Goal of the exercise |
Below are records to reproduce in full; copy them exactly but keep the pictures out.

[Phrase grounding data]
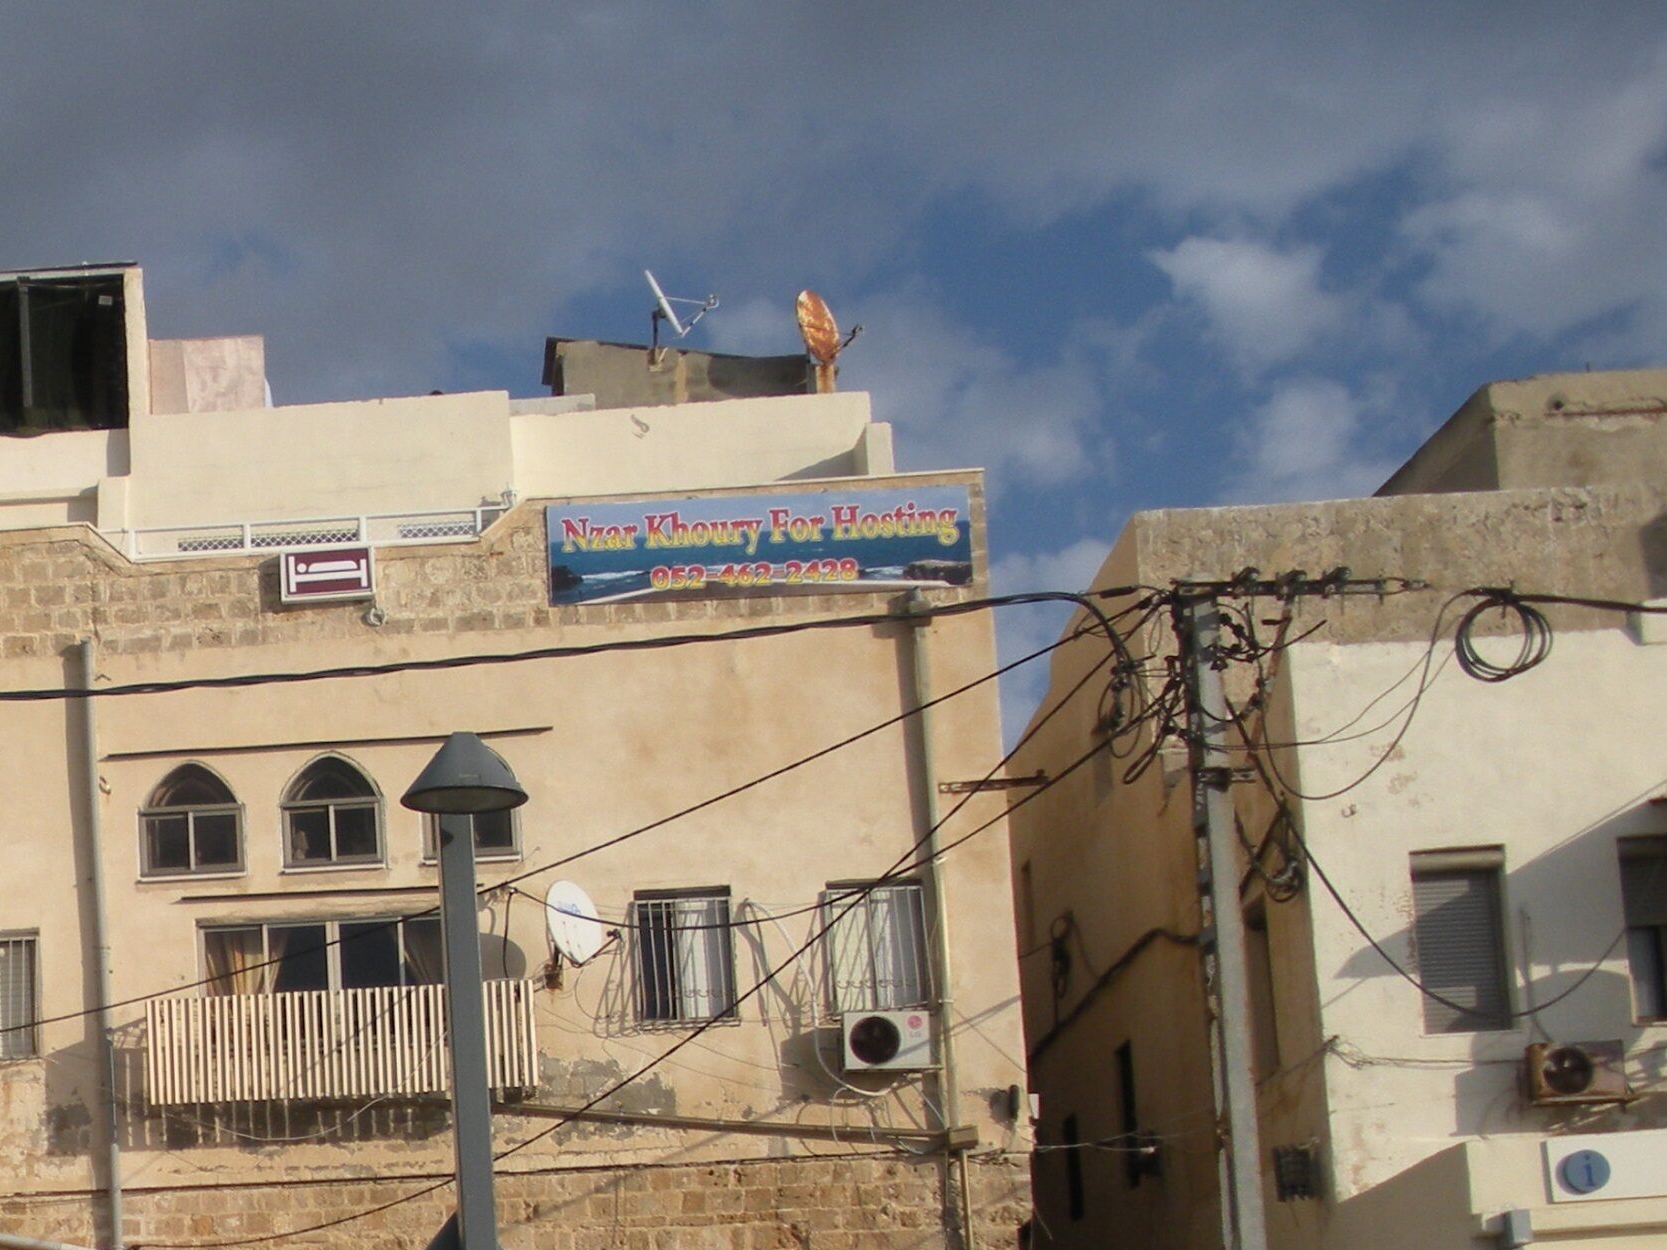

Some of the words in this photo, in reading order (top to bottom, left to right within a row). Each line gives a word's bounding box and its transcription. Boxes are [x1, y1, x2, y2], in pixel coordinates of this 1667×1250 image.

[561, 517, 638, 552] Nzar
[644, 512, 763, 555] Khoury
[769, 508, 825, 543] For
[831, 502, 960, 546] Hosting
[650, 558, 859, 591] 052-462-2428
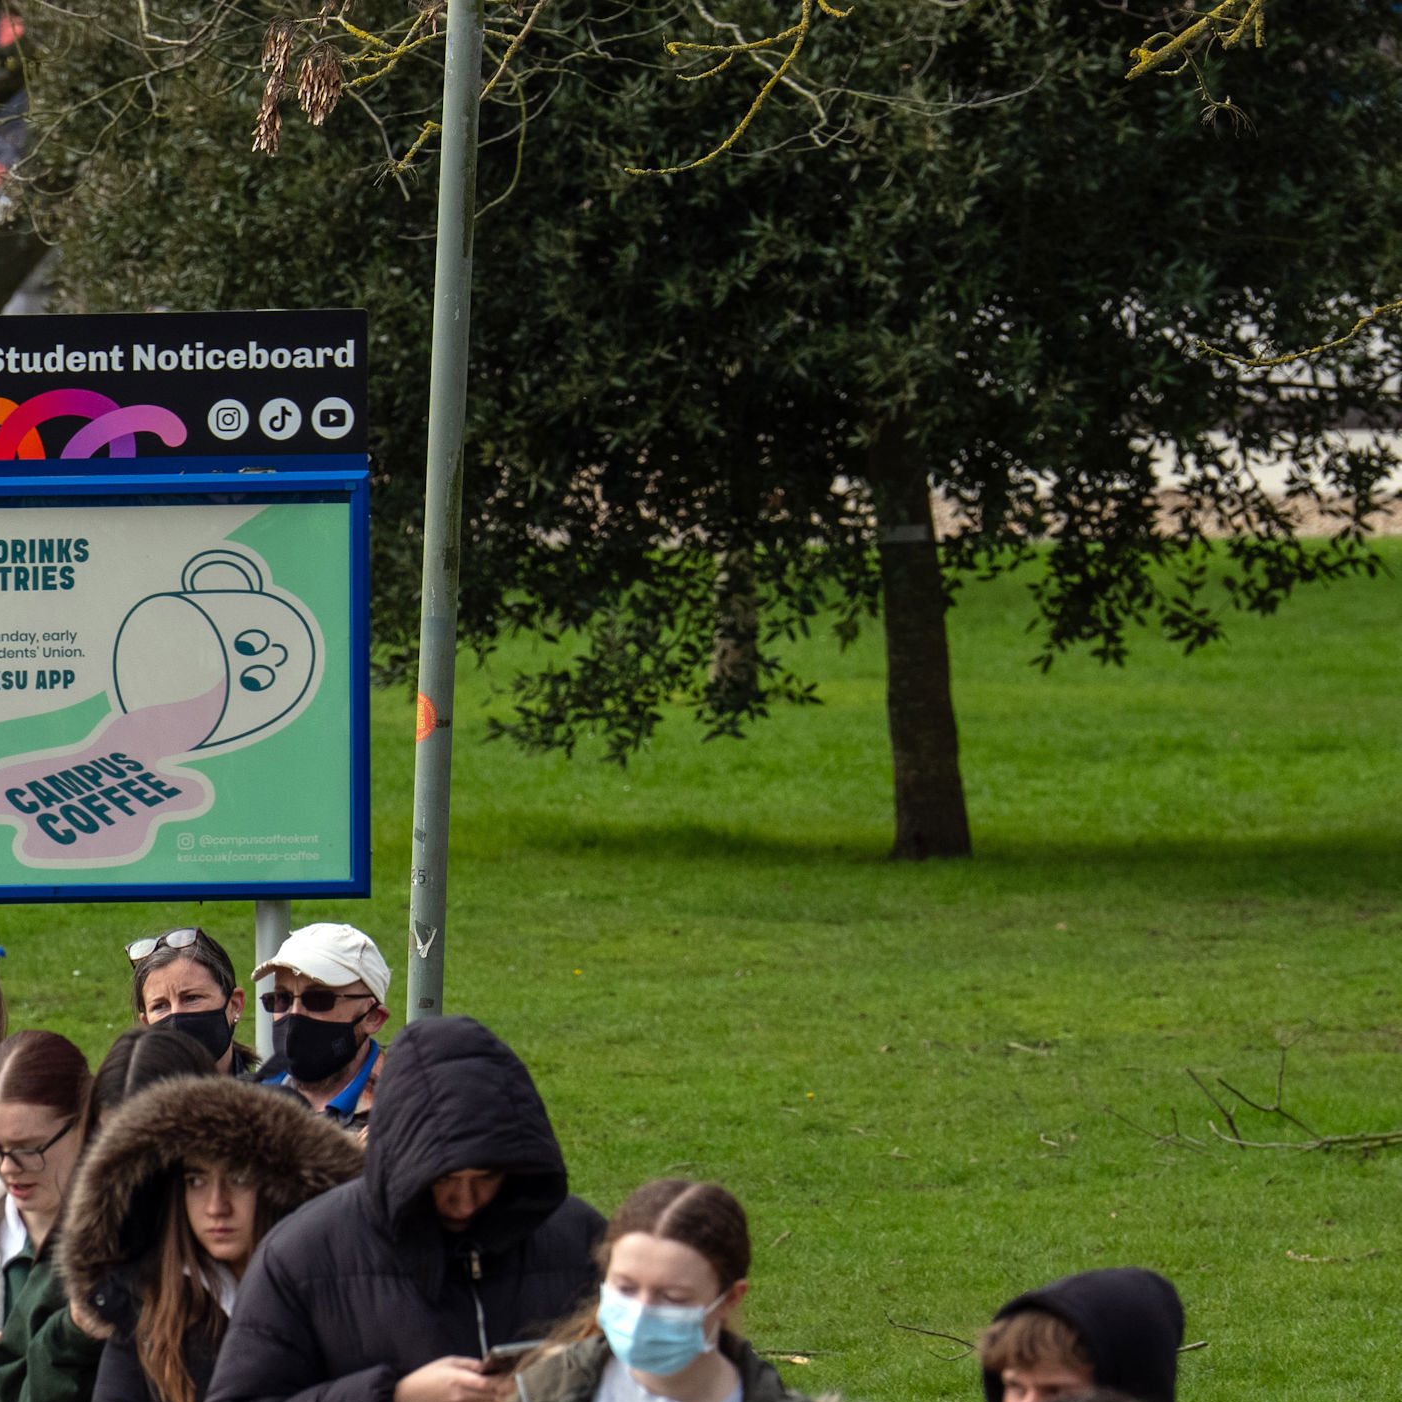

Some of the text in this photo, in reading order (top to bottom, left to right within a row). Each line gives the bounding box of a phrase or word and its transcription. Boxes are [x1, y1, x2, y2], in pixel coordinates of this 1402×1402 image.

Solution for this exercise |
Some of the words in this photo, in reading order (top to bottom, left to right within a row). Each line gives a word's bounding box and its transcription. Boxes are [x1, y1, x2, y2], in pixel coordinates of this 1667×1250 image.

[561, 517, 638, 552] Nzar
[644, 512, 763, 555] Khoury
[769, 508, 825, 543] For
[831, 502, 960, 546] Hosting
[650, 558, 859, 591] 052-462-2428

Some of the text in this photo, in reading order (top to bottom, left to right within a row). Each line gives the bounding box of a phrase or word and its transcription. Boxes are [x1, y1, x2, y2], in pixel coordinates of this 1402×1402 image.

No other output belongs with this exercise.